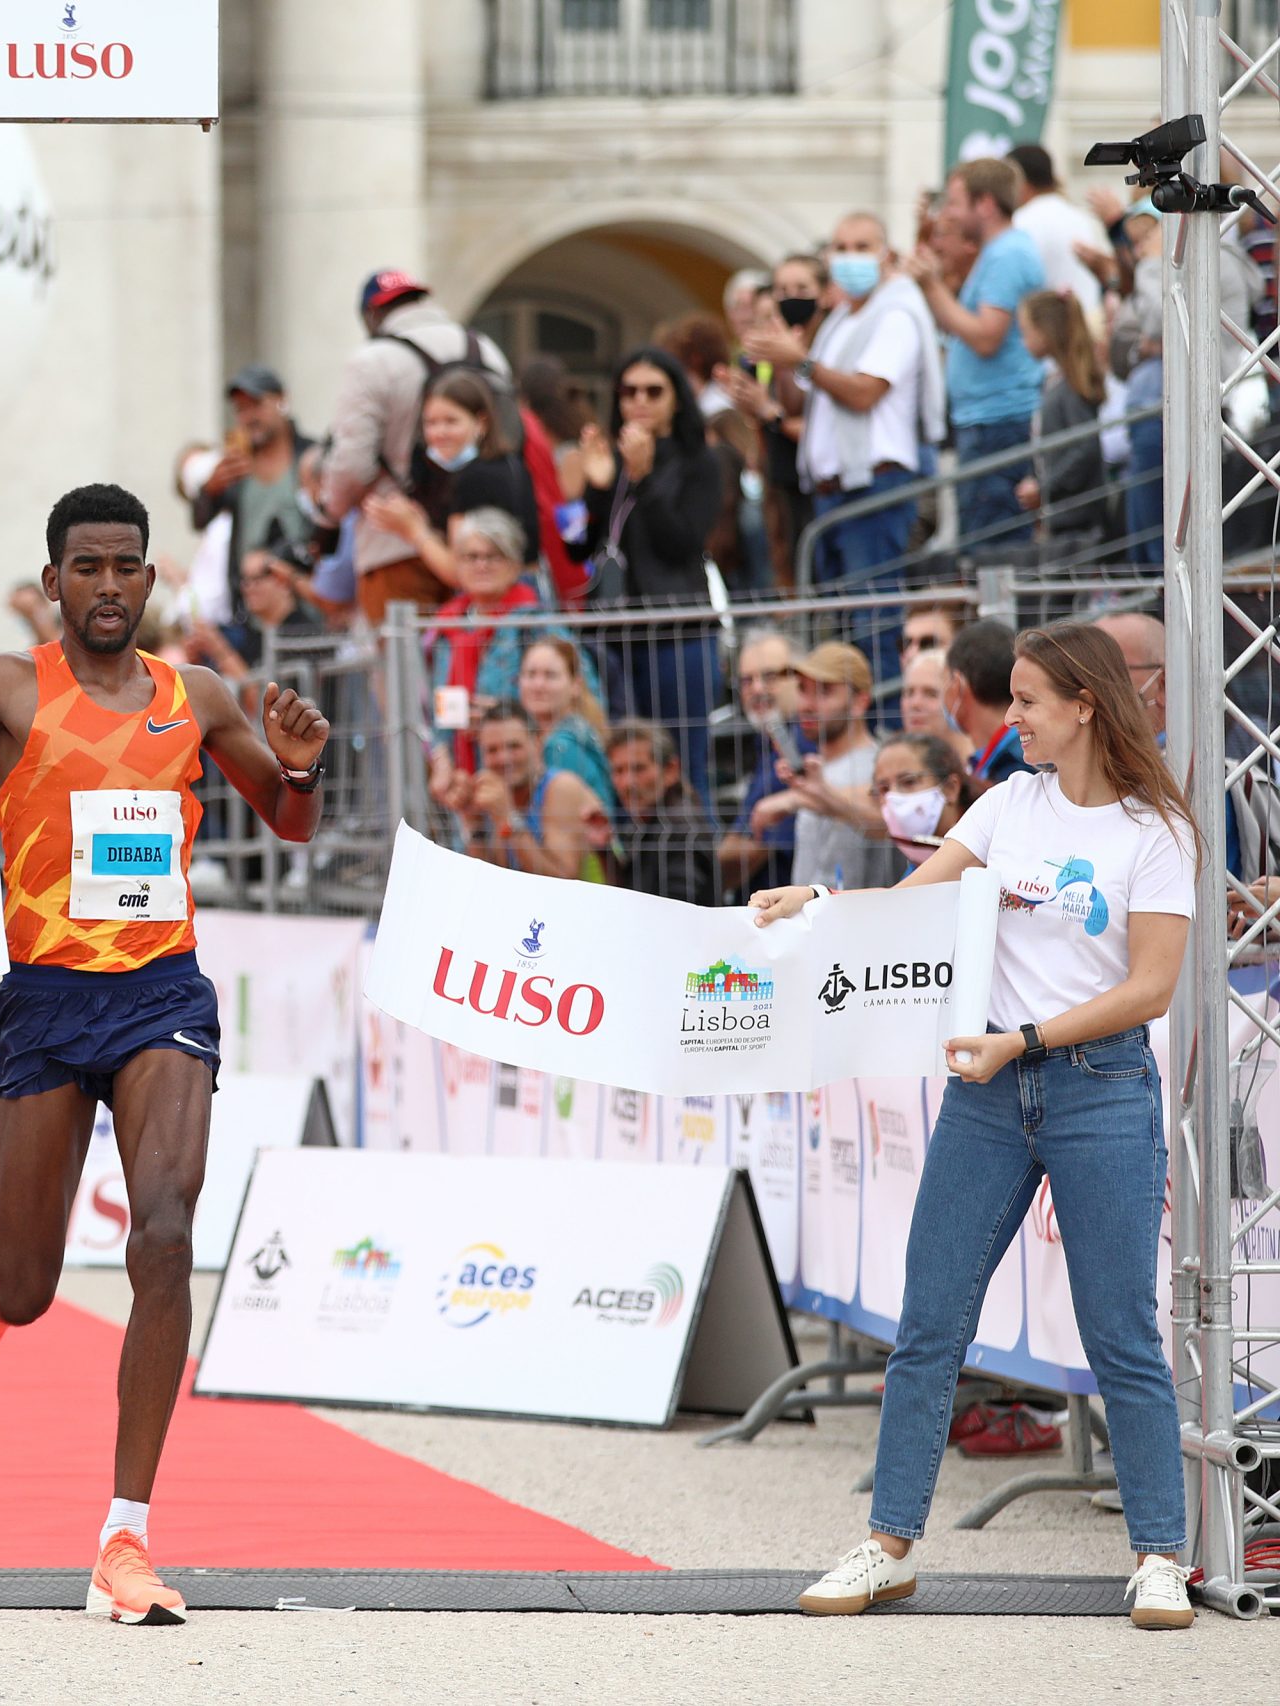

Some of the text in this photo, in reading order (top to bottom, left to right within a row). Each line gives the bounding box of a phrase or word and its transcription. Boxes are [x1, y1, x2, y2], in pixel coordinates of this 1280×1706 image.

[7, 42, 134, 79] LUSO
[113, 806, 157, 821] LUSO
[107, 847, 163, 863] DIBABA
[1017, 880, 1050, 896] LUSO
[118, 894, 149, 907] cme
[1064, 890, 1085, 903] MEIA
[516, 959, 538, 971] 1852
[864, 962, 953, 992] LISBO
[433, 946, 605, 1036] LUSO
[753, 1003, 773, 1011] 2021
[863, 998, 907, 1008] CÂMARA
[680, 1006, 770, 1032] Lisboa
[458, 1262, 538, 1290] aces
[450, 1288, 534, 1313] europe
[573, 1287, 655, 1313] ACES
+-------+
A word-for-word copy of the entries above is what is needed, without any images.

Some of the text in this photo, in reading order (top to bottom, left to right within a row). Each line gives the bounding box of a phrase or word and its transcription. Boxes are [x1, y1, x2, y2], in pixel coordinates of this 1280×1706 image.

[7, 42, 134, 79] LUSO
[113, 806, 157, 821] LUSO
[107, 847, 163, 863] DIBABA
[1017, 880, 1050, 896] LUSO
[118, 894, 149, 907] cme
[1064, 890, 1085, 903] MEIA
[516, 959, 538, 971] 1852
[864, 962, 953, 992] LISBO
[433, 946, 605, 1036] LUSO
[753, 1003, 773, 1011] 2021
[863, 998, 907, 1008] CÂMARA
[680, 1006, 770, 1032] Lisboa
[458, 1262, 538, 1290] aces
[450, 1288, 534, 1313] europe
[573, 1287, 655, 1313] ACES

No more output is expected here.